Restate all the lines below word for word, but omit the pictures.

=== Material to process ===

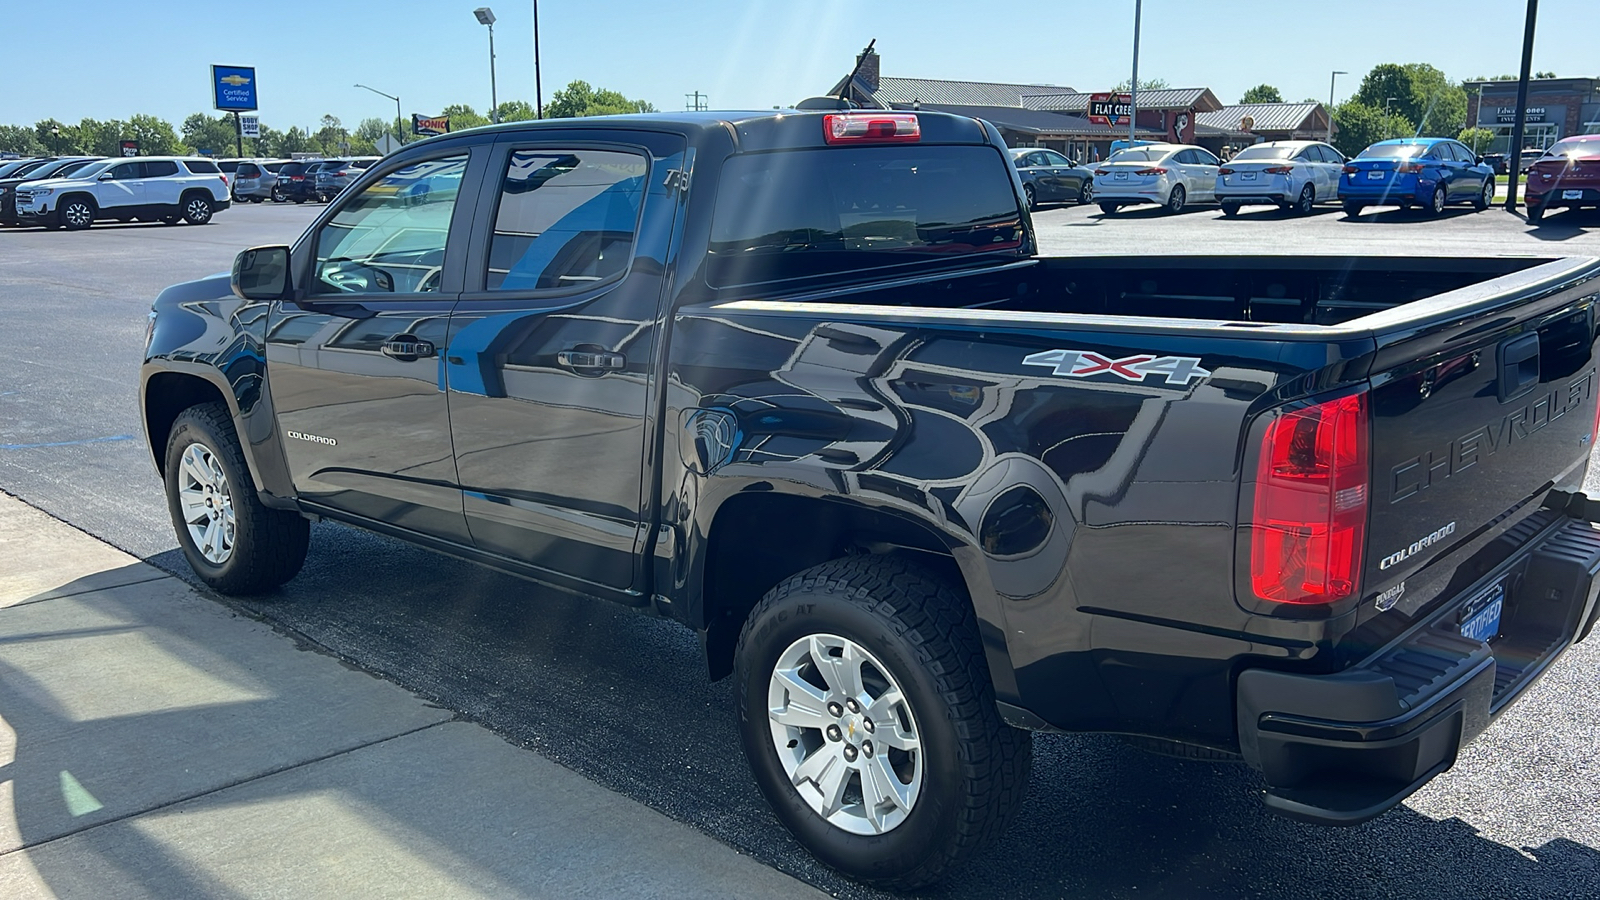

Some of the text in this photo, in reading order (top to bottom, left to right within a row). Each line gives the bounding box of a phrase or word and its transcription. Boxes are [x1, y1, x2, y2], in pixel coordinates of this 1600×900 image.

[223, 89, 250, 97] Certified
[1095, 104, 1132, 115] FLAT CREE
[418, 119, 446, 129] SONIC
[287, 430, 337, 446] COLORADO
[1389, 367, 1597, 505] CHEVROLET
[1380, 521, 1456, 571] COLORADO
[1375, 581, 1405, 606] PINEGAR

===

Final answer:
Some of the text in this photo, in reading order (top to bottom, left to right within a row). Each line gives the bounding box of a phrase or word and its transcription. Boxes are [x1, y1, x2, y2], in pixel coordinates of this 1600×900 image.

[223, 89, 250, 97] Certified
[1095, 104, 1132, 115] FLAT CREE
[418, 119, 446, 129] SONIC
[287, 430, 337, 446] COLORADO
[1389, 367, 1597, 505] CHEVROLET
[1380, 521, 1456, 571] COLORADO
[1375, 581, 1405, 606] PINEGAR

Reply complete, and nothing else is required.